Task directions. Reprint all of the data below exactly as shown and skip every image.
START Source records
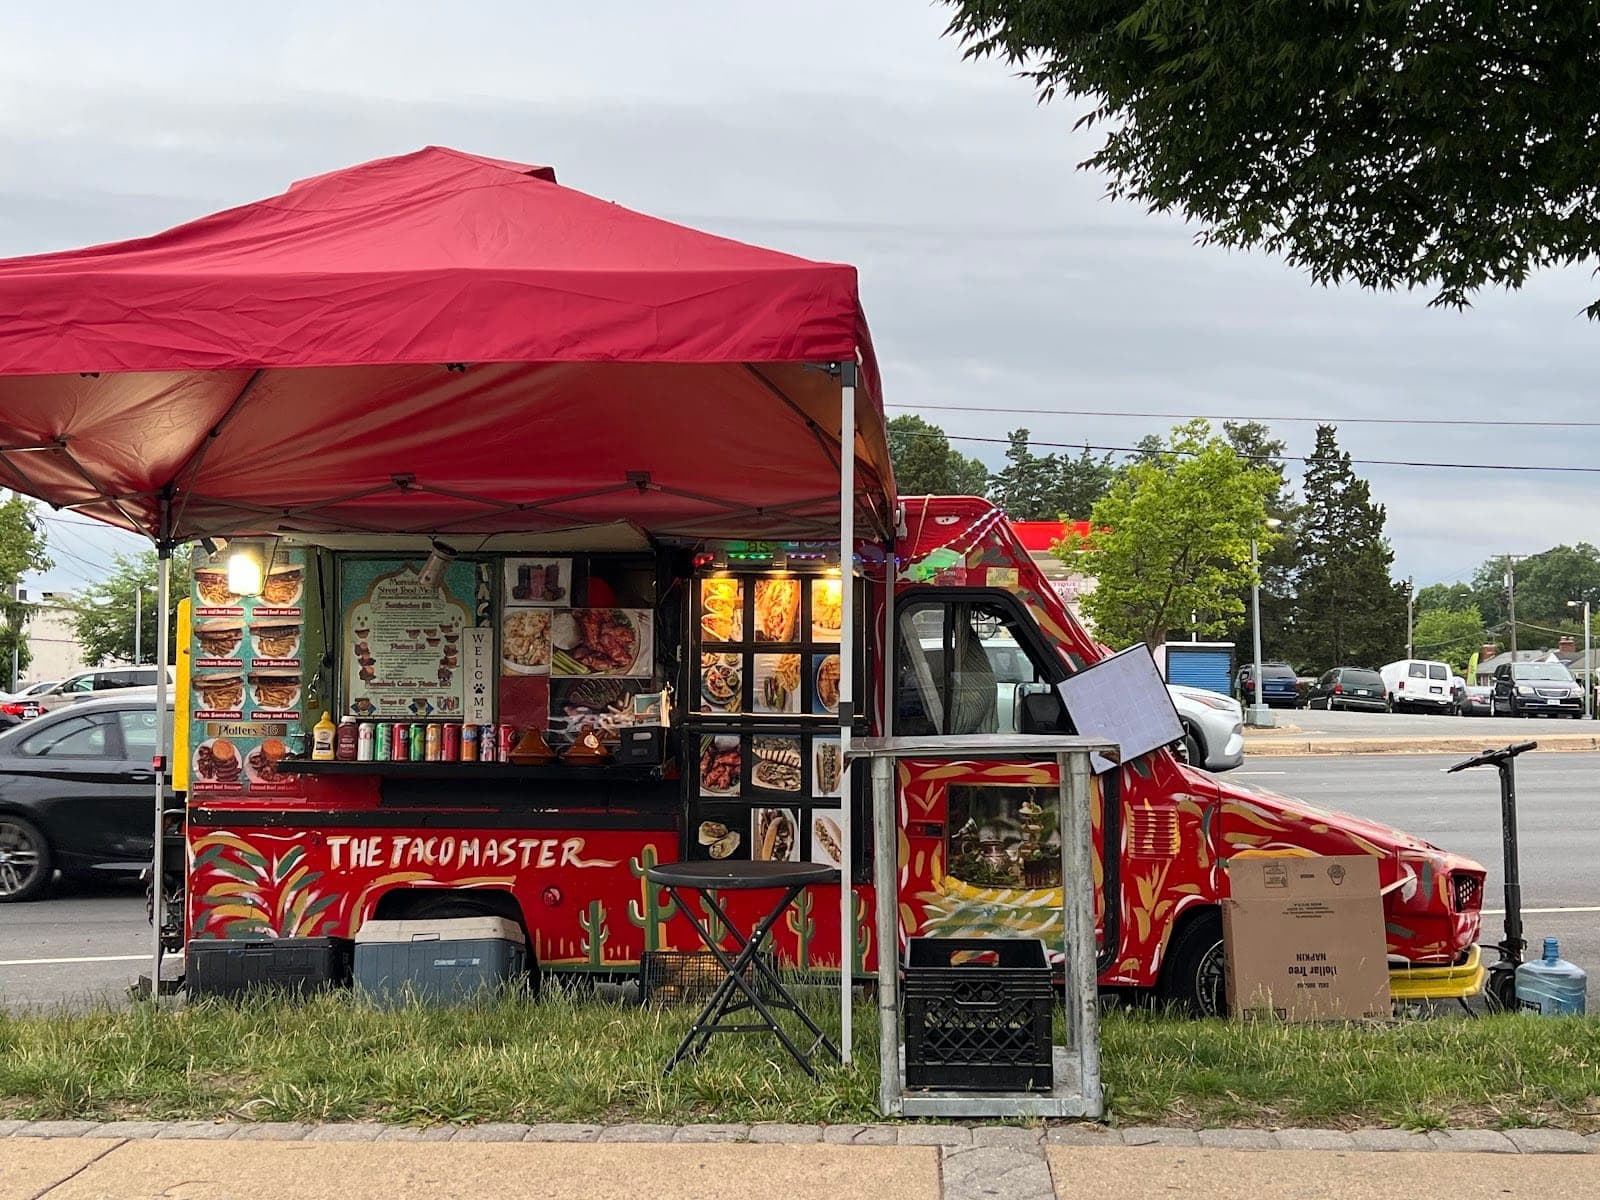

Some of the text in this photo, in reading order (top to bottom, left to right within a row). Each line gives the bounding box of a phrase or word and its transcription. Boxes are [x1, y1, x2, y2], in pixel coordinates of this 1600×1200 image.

[217, 660, 243, 668] Sandwich
[253, 659, 299, 667] Liver Sandwich
[196, 711, 241, 719] Fish Sandwich
[327, 835, 384, 868] THE
[1296, 953, 1326, 962] NAPKIN
[1288, 965, 1308, 977] Tree
END Source records
Solution to the exercise.
Some of the text in this photo, in reading order (top to bottom, left to right within a row). Each line gives the bounding box of a phrase or word and its transcription. Boxes are [x1, y1, x2, y2], in pixel coordinates of this 1600×1200 image.

[217, 660, 243, 668] Sandwich
[253, 659, 299, 667] Liver Sandwich
[196, 711, 241, 719] Fish Sandwich
[327, 835, 384, 868] THE
[1296, 953, 1326, 962] NAPKIN
[1288, 965, 1308, 977] Tree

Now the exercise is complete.